Kathmandu: In a brewing crisis for Nepal’s honey industry, local producers are grappling with dwindling sales and the looming threat of leaving the sector altogether. The root cause of this distress lies in the dominance of Indian honey in the Nepali market, leaving indigenous honey largely unsold.

Expressing their grievances, farmers are pointing to the stark contrast between the intermittent sales of Indian and foreign honey brands and the plummeting demand for domestic varieties. They have now turned to the government, appealing for urgent interventions such as proper market arrangements, fair pricing structures, and facilitation to sell their produce.

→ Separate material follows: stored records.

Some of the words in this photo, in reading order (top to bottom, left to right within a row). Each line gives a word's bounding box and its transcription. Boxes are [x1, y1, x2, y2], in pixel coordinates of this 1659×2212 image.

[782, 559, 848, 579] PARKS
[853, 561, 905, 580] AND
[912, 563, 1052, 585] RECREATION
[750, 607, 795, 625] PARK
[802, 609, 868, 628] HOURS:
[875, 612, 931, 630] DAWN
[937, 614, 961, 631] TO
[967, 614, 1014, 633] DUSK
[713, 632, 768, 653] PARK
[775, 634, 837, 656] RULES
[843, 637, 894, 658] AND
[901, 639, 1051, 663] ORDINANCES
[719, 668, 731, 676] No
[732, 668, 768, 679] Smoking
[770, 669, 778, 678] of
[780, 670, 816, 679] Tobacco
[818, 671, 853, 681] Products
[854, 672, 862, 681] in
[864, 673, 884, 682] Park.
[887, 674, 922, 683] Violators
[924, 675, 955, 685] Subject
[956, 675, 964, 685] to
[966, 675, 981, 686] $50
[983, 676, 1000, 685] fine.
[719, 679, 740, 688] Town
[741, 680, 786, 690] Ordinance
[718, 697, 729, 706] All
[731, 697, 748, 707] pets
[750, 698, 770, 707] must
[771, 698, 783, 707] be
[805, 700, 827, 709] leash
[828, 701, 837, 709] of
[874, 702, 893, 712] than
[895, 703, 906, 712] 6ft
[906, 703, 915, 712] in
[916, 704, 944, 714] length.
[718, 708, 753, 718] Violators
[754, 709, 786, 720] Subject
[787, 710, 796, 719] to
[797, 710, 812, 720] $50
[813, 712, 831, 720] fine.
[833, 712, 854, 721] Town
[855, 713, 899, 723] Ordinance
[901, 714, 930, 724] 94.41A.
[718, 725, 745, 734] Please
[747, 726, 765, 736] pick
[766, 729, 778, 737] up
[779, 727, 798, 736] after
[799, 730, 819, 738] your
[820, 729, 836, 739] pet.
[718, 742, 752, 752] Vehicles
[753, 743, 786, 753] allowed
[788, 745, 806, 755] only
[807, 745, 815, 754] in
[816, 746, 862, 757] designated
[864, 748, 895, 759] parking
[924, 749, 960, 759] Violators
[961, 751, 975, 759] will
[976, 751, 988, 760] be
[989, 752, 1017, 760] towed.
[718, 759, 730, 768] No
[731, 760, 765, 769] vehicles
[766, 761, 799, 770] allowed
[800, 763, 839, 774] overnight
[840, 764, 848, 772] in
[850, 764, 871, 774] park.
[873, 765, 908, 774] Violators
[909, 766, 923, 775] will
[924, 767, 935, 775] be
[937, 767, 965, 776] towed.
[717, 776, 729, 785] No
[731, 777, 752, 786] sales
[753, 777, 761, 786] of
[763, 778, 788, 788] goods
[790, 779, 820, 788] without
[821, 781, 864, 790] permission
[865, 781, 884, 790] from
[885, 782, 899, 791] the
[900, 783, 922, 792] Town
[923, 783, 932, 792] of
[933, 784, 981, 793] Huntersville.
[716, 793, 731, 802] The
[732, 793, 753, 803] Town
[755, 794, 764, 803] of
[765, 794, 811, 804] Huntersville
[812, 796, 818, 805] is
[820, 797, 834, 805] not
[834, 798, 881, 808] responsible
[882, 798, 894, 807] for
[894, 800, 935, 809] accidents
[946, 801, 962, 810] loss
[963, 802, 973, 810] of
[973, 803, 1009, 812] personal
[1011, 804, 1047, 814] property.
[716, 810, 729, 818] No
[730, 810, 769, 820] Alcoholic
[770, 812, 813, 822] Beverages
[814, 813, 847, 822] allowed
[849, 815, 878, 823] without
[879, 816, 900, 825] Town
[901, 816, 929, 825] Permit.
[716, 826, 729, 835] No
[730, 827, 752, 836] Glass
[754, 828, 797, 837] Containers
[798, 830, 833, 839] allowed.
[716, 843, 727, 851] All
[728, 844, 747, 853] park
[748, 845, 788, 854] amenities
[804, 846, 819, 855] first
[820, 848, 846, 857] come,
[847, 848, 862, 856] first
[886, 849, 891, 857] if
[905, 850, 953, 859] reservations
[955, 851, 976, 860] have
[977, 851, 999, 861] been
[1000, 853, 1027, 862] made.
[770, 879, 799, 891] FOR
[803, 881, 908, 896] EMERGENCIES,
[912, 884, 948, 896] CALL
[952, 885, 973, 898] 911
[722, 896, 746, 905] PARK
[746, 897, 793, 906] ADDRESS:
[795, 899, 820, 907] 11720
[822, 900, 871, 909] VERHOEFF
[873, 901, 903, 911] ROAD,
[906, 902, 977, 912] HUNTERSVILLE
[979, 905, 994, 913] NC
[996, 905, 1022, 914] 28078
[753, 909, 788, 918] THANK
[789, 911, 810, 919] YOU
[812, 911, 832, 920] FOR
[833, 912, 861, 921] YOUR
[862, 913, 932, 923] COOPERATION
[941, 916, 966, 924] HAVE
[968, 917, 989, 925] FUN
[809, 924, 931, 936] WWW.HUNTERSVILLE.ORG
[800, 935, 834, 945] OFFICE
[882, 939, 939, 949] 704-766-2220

Representatives from the Federation of Nepal Beekeepers took their concerns directly to Agriculture Minister Jwala Kumari Shah on Thursday, presenting a memorandum outlining their plight. Outgoing Federation president, Shiva Prasad Paudel, issued a stark warning, suggesting that unless the government steps in to promote and market Nepali honey, farmers may resort to pouring their unsold honey onto the streets of Kathmandu as a form of protest.

They said that approximately 4,000 metric tons of locally produced honey have remained unsold and emphasized the urgent need for Nepali honey to be prioritized over multinational brands like Dabur in marketing campaigns, lamenting its overshadowing by imports, particularly in urban centers like Kathmandu.

In their plea to the agriculture minister, farmers are advocating for a 60% tax on honey imports, citing the unfair advantage of cheaper Indian honey flooding the market. They are also calling for a complete ban on Indian honey imports from October to April to safeguard the interests of local producers.